The Importance of Fall Seeding, Core Aeration, and Fertilizing

If you want a healthy, thick lawn fall core aeration, seeding and fertilizing is key. Is it worth the cost? Yes, if it is done the proper way!

Core Aeration

Core Aeration is the process where a ground-driven machine, using spikey hollow tubes spaced evenly across a rotating flange, dig into the soil. This allows the unit to move over your lawn, removing plugs. The holes left behind allow air, water, and nutrients to reach deep into the ground, promoting turf root growth, and reducing soil compaction. The holes left behind will soon decompose and provide additional nutrients for your lawn. For the best possible results, we use a ride-on tractor with a thousand-pound press, ensuring deep penetration. A walk-behind aerator does not puncture the ground deep enough.

Aeration Explained

Pro-Tip

Before aerating, make sure you remove any obstacles that may be present. If you have any in-ground irrigation system, be sure to mark all sprinkler heads as the aerator can severely damage the sprinkler heads.

Seeding and Fertilizing

While completing the core aeration, seeding and fertilizing is key. After the core aeration, you will have a good site for seed germination. We recommend seeding during the cool season, allowing for the best possible germination. Mostly around late August, September, and early October. There are a few concerns we make sure not to do. First, we never apply a crabgrass preventer as this product will keep your grass seed from germinating as well. Secondly, we cannot apply a weed control for dandelions, clover, or other weeds until the new seed has germinated and has been mowed three or four times. Light, frequent watering is the best for new seed. If you plan to have your whole lawn seeded, we highly recommend you water all you can for the best results. We only select from our vendors seed varieties that are disease and drought-resistant that are exceptionally durable and get a dark green color. Adaptability is everything and the types of seeds that we choose for your property will be as adaptable as possible for your lawns specific requirements.

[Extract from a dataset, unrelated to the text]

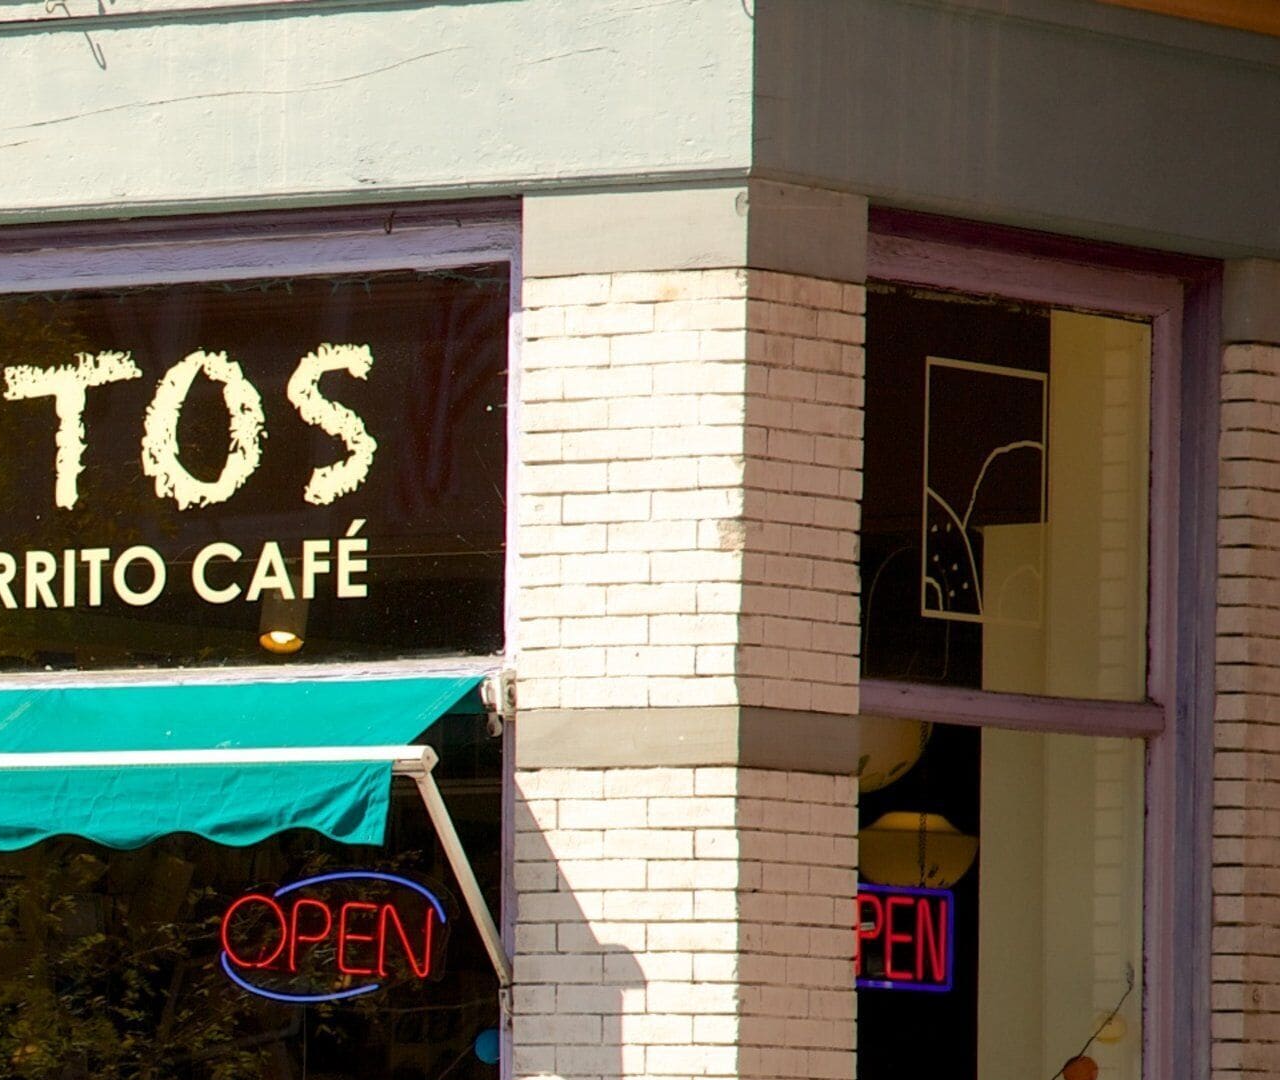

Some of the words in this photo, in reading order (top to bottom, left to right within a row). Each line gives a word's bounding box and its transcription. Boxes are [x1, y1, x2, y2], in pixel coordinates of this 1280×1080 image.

[192, 519, 368, 602] CAFÉ
[220, 895, 434, 979] OPEN
[856, 896, 947, 982] PEN

stages of grass seed germination

Stages of Grass Seed Germination

Pro-Tip: Mowing and more!

Allow at least a week before cutting your lawn to 2.5 – 3 inches in length. Leave the clippings on the lawn after mowing. You should also do your best to supply one inch of water to your lawn at least once every other week. We usually try to talk customers out of seeding in the spring so that the weeds can be treated and controlled throughout the spring and summer. Then, it makes sense to aerate and seed in the fall. The fertilizer you apply now and throughout the summer will help to thicken the lawn and get it in better shape for the fall.